To reiterate, the solution to the crisis does not lie within the ambit of university bureaucracies and administrations alone; it lies within the bureaucracies of the state, the private sector, civil society organisations and all other parties that contribute to actualising the particular social compact that the South African constitution encourages and makes provision for.

Currently, the debate within the universities and institutions of higher learning have resembled an exercise in intellectual mud-slinging, with accusations of intolerance, fascism, armchair activism, “when-we” syndrome, and all manner of invective dressed up as intellectually cogent debates. Personal squabbles (even though unacknowledged) are discolouring the debate and holding back the movement. The debates seem removed from the realities of the moment that South Africa, 21 years into its new democracy, finds itself in. Instead they tend to rely on historical precedent, drawing on experiences that – while instructive – are considerably removed from the realities of the 21st Century South African socio-political context (not to mention the current global context).
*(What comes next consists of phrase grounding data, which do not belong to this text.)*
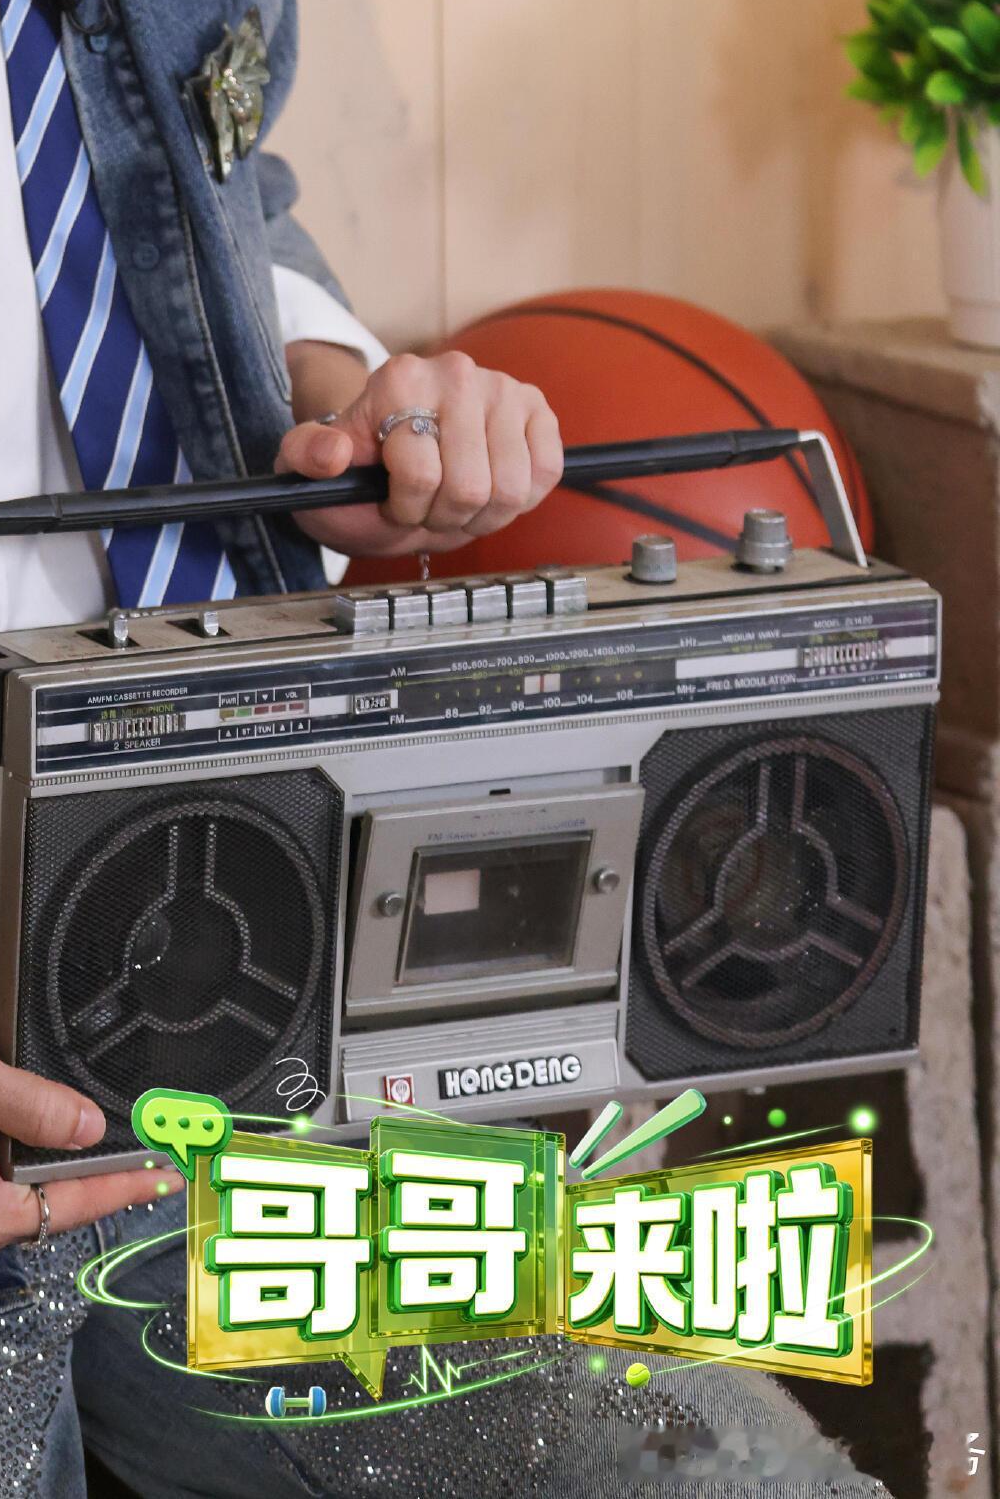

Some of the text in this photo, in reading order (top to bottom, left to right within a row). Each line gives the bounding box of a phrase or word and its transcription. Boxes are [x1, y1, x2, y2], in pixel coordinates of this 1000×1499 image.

[390, 666, 406, 678] AM
[497, 656, 513, 666] 700
[518, 654, 535, 665] 800
[545, 651, 566, 661] 1000
[570, 648, 590, 659] 1200
[593, 646, 614, 656] 1400
[722, 631, 755, 643] MEDIUM
[758, 628, 780, 639] WAVE
[87, 686, 188, 705] AM/FM CASSETTE RECORDER
[222, 691, 298, 706] PWR VOL
[390, 713, 405, 725] FM
[445, 708, 460, 719] 88
[479, 705, 492, 716] 92
[543, 697, 561, 708] 100
[576, 694, 593, 705] 104
[616, 689, 634, 701] 108
[677, 684, 697, 694] MHz
[735, 674, 797, 689] MODULATION
[258, 725, 272, 734] TUN
[113, 737, 161, 751] 2 SPEAKER
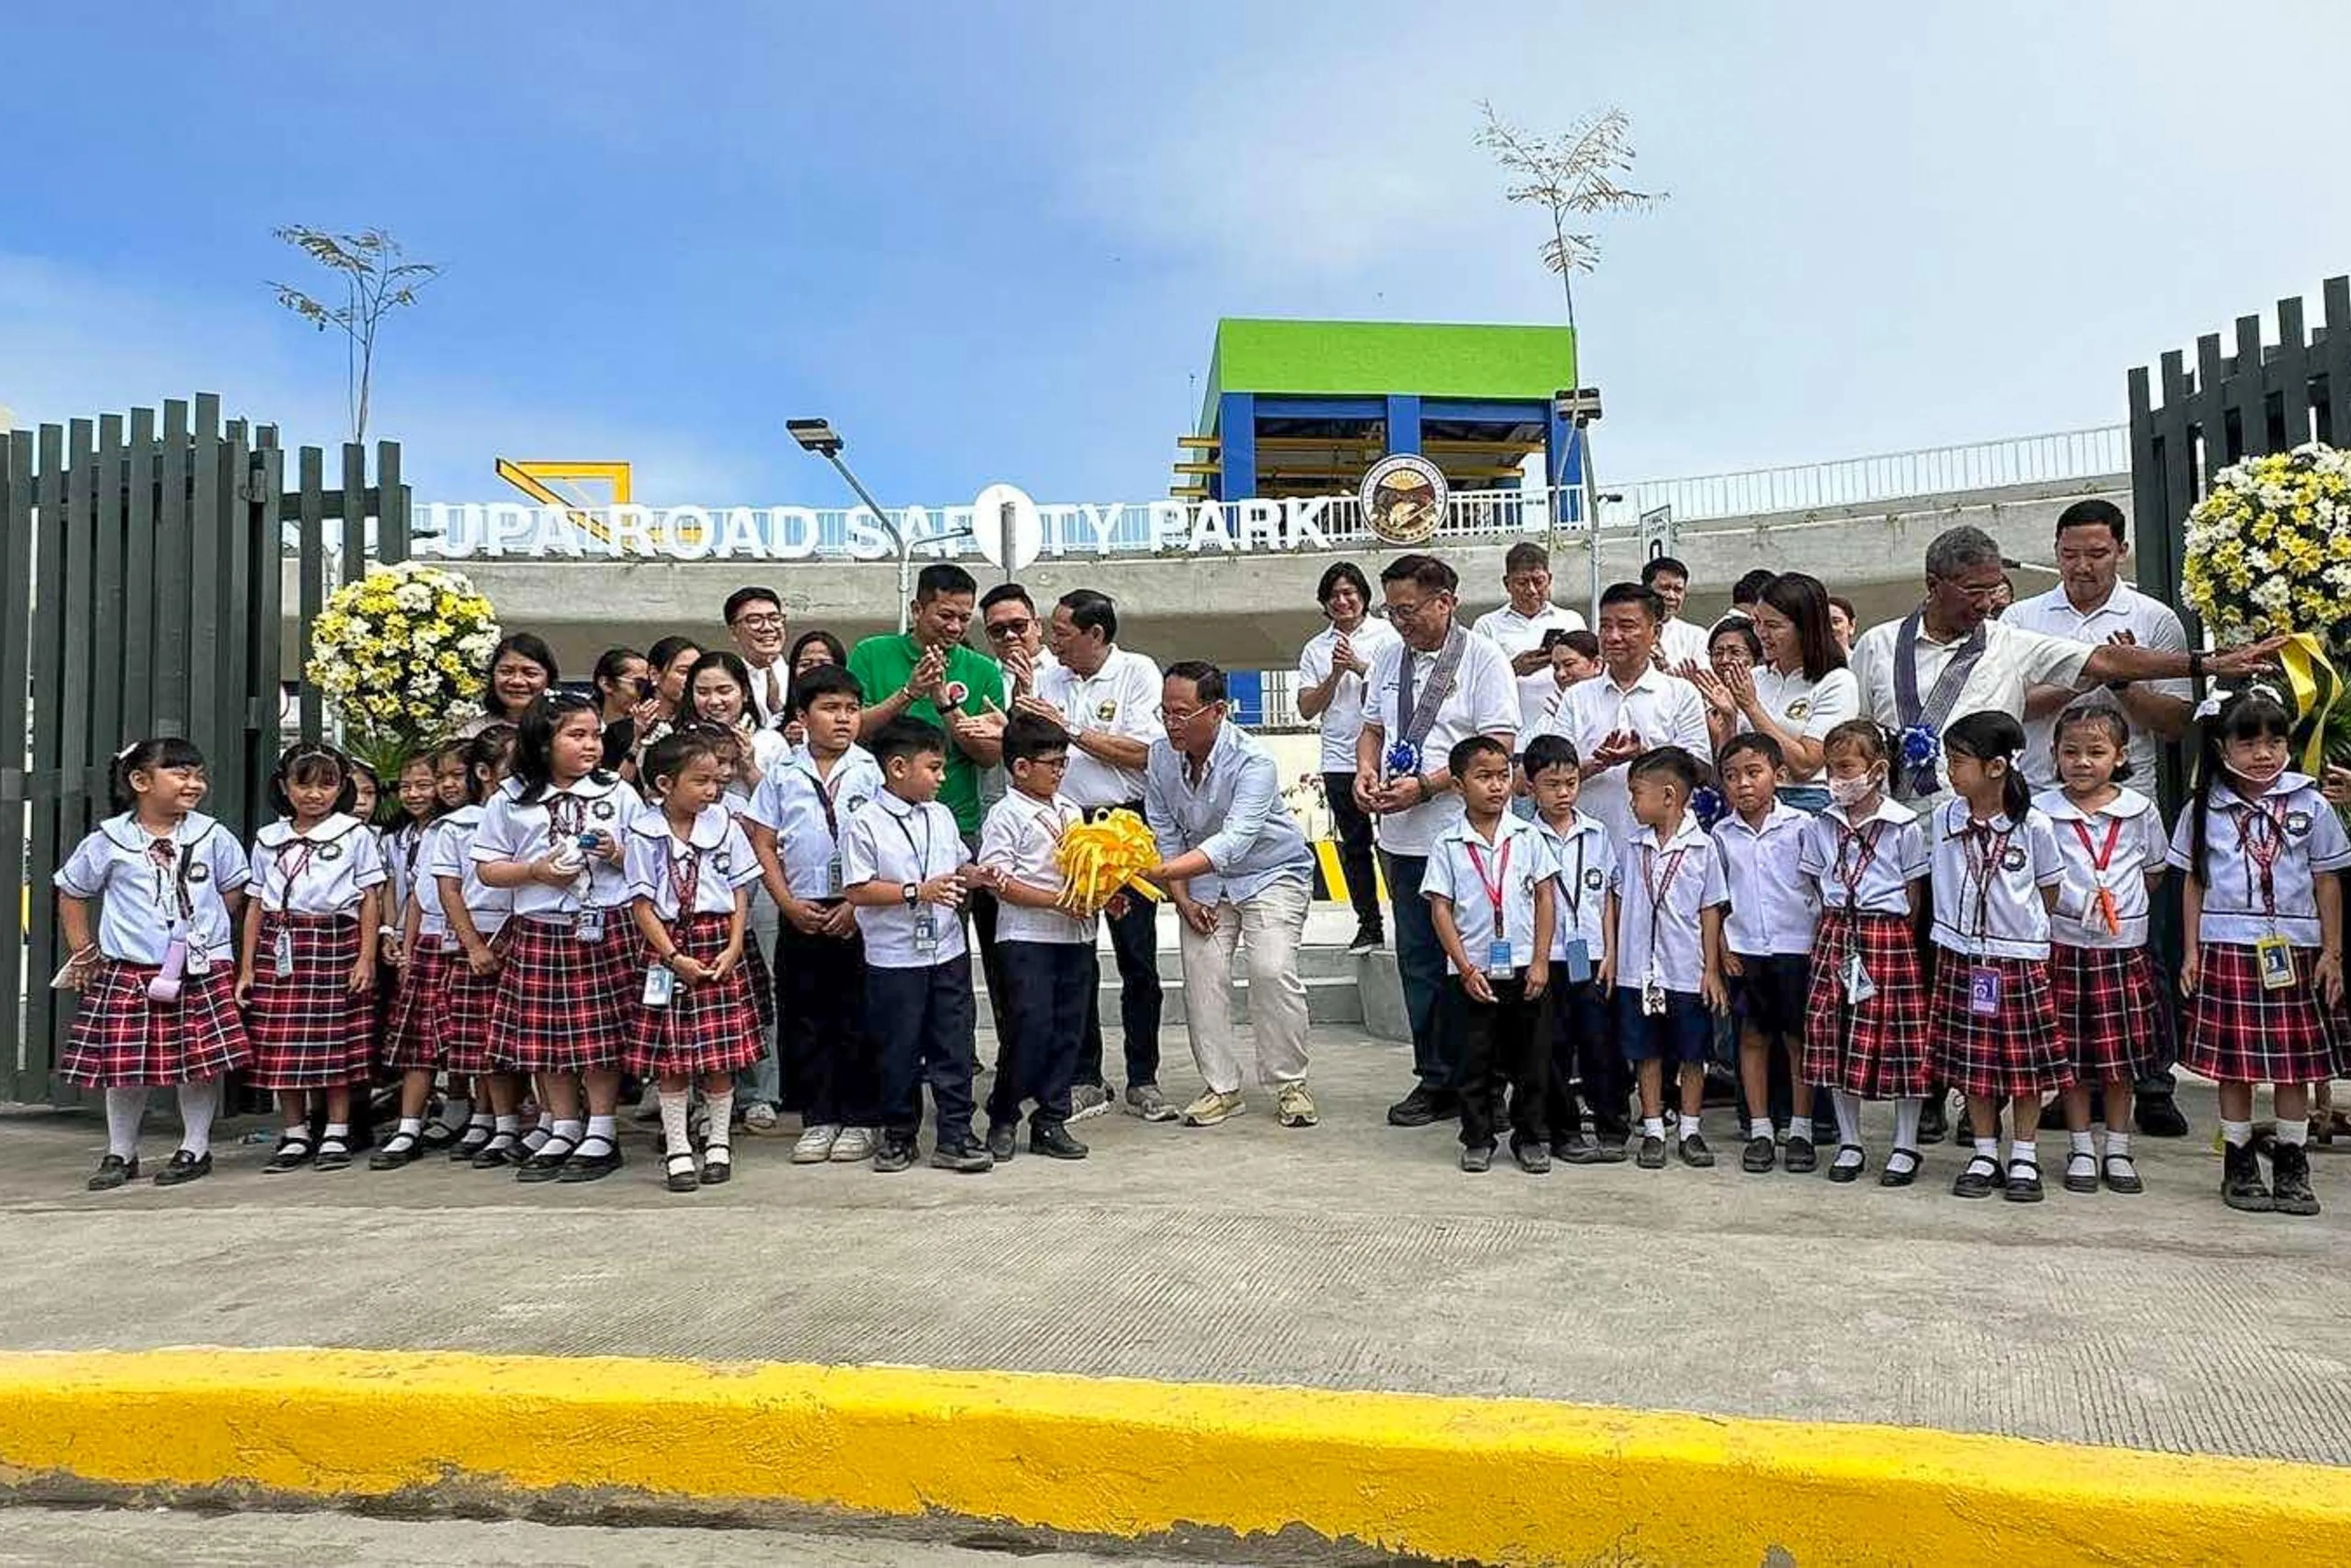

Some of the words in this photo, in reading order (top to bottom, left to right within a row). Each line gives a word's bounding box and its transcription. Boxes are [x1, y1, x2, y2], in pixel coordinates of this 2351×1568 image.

[609, 503, 819, 559] ROAD
[845, 502, 1125, 558] SAFTY
[1148, 497, 1332, 552] PARK
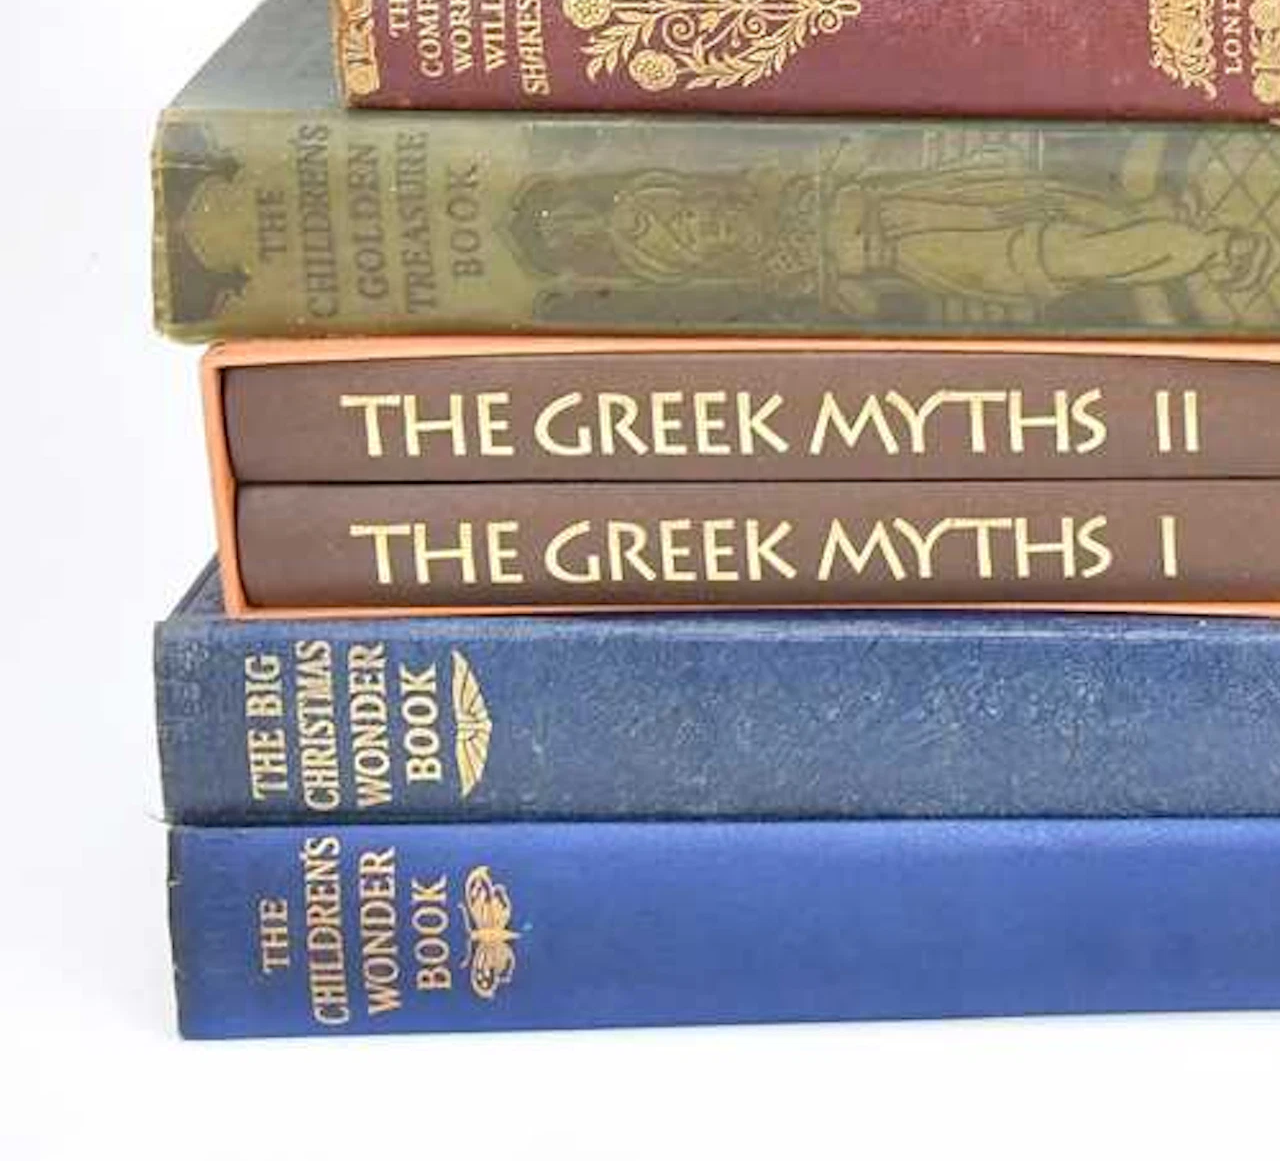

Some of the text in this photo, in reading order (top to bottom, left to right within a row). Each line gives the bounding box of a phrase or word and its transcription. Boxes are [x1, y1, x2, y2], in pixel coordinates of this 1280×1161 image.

[256, 189, 287, 262] THE
[347, 142, 390, 300] GOLDEN
[396, 132, 438, 315] TREASURE
[445, 164, 485, 278] BOOK
[339, 389, 1200, 457] THE GREEK MYTHS II
[349, 515, 1175, 585] THE GREEK MYTHS I
[244, 653, 288, 801] THE BIG
[295, 639, 341, 812] CHRISTMAS
[346, 641, 393, 808] WONDER
[399, 661, 442, 784] BOOK
[258, 898, 291, 975] THE
[298, 835, 351, 1026] CHILDREN'S
[358, 845, 402, 1016] WONDER
[410, 873, 453, 992] BOOK
The danger of restricting the movements activities to internal contestations within the universities, is that it effectively remains a storm in a teacup, removed from the greater political forces that it is necessary to influence in order to achieve its objectives. Furthermore, should the movement fragment from within, it will effectively remain divided and conquered. This only serves the interests of those in power, as they are able to escape out the back door while the ‘brawling’ remains restricted to the universities and other institutions of higher education.

The movement has already sparked similar protests in other sectors, and re-energised the will of workers to take political action, so the potential to expand its ambit exists in real terms. However, should the movement fragment and disintegrate, its contribution will ultimately amount to nothing more than introducing the hashtag prefix to the 21st Century South African political landscape.

An important opportunity for substantive change may hence go amiss should the debate remain the preserve of higher education institutions alone. It needs to be broadened, so that a variety of voices can enter the debate from all sectors in South African society, voice their concerns and desires, and find representation within the movement through identifying with it. In doing so, the #FeesMustFall movement will itself leapfrog into a more substantive entity in the public domain, and stand a greater chance of sustaining its cause and bringing about substantive change in South Africa.

The movement currently occupies a valuable space in the public conscience. However, the moment is fleeting, and should it not be consolidated and built upon, it may be well lost before it has truly begun. The political sphere in South Africa does not need another cautionary tale, another “I told you so”. It needs an effective public voice that cuts across class, race and generational lines, and can help spur on and bring about substantive change.